En guerre avec l’Espagne, Henri IV met à feu et à sang Arbois et les autres paisibles cités de la Franche-Comté espagnole.
Par Frédéric Lewino et Gwendoline Dos Santos

Ah ! Le bon roi Henri IV ! Cet admirable père de famille qui se met à quatre pattes pour jouer avec ses enfants, cet insatiable séducteur qui roucoule devant chaque jupon, ce mécène des Restos du coeur qui offre une poule au pot à chacun de ses sujets, comme nous l’aimons... C’est notre roi préféré. Pourtant, il possède également une face sombre qui est tombée dans les oubliettes de l’histoire. Ce bon vivant est aussi un monstre qui massacre et rançonne des citadins paisibles, uniquement coupables de s’être refusés à lui. Comme tous les grands seigneurs de cette époque, le Béarnais commet des forfaits qui le mettraient, aujourd’hui, sur le même pied, que Hitler ou Staline.

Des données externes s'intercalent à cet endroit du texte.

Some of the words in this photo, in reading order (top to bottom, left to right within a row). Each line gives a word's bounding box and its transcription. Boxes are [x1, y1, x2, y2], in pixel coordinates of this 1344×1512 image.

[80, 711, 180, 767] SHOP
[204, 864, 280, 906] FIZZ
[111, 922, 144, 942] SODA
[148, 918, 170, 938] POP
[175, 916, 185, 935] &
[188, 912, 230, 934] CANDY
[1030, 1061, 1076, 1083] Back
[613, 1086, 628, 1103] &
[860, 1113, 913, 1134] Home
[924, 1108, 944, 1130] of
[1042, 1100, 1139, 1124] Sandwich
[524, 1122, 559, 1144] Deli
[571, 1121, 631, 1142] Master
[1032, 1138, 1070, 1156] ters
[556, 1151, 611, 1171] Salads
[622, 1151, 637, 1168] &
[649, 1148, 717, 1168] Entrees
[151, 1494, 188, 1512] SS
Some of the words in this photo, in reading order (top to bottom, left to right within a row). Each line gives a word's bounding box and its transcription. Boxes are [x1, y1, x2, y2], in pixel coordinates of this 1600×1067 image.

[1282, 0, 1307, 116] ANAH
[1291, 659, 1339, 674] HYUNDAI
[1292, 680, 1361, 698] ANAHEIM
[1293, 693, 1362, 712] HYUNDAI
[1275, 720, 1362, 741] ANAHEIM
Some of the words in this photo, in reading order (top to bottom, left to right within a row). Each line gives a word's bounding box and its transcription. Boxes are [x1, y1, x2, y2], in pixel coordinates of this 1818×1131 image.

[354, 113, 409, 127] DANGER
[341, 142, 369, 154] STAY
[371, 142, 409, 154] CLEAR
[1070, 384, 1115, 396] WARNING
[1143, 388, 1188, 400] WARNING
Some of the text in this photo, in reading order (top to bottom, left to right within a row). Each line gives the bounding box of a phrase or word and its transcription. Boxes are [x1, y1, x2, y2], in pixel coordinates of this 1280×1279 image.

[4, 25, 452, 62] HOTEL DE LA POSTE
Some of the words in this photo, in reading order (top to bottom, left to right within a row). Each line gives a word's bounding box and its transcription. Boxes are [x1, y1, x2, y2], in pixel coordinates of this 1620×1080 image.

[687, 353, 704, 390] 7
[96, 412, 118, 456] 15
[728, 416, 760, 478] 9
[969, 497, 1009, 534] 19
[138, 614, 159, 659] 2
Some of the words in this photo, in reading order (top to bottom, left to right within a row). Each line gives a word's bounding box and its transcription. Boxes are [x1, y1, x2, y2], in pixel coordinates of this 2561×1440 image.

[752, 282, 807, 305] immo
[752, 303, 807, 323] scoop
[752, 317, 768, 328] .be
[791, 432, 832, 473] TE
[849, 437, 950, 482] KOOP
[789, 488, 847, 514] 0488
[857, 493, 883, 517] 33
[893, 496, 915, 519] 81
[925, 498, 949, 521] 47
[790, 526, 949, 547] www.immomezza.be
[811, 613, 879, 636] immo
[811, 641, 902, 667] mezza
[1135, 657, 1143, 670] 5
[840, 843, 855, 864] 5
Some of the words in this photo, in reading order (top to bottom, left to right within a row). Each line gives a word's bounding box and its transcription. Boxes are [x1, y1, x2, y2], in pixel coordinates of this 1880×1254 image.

Fin 1594, Henri IV déclare la guerre à l’Espagne pour récupérer à tout prix le comté de Bourgogne (aujourd’hui, la Franche-Comté). En janvier 1595, plutôt que d’envoyer ses propres troupes guerroyer, il lâche sur le pays ses deux alliés, les tristes sires lorrains de Tremblecourt et d’Haussonville. Ceux-ci massacrent et pillent la région sans vergogne. Aucune crainte de se voir condamnés par les Nations unies : Poutine veille... De nombreuses cités sont prises d’assaut dans un bain de sang. La population de Baulay est égorgée. Vesoul et plusieurs autres villes n’échappent à la mise à sac qu’en payant une forte rançon. Seules celles qui sont protégées par de hautes murailles, comme Dole et Gray, évitent la destruction totale. Selon un ancien traité d’alliance, les cantons suisses auraient dû venir au secours du comté de Bourgogne, mais ils font le mort.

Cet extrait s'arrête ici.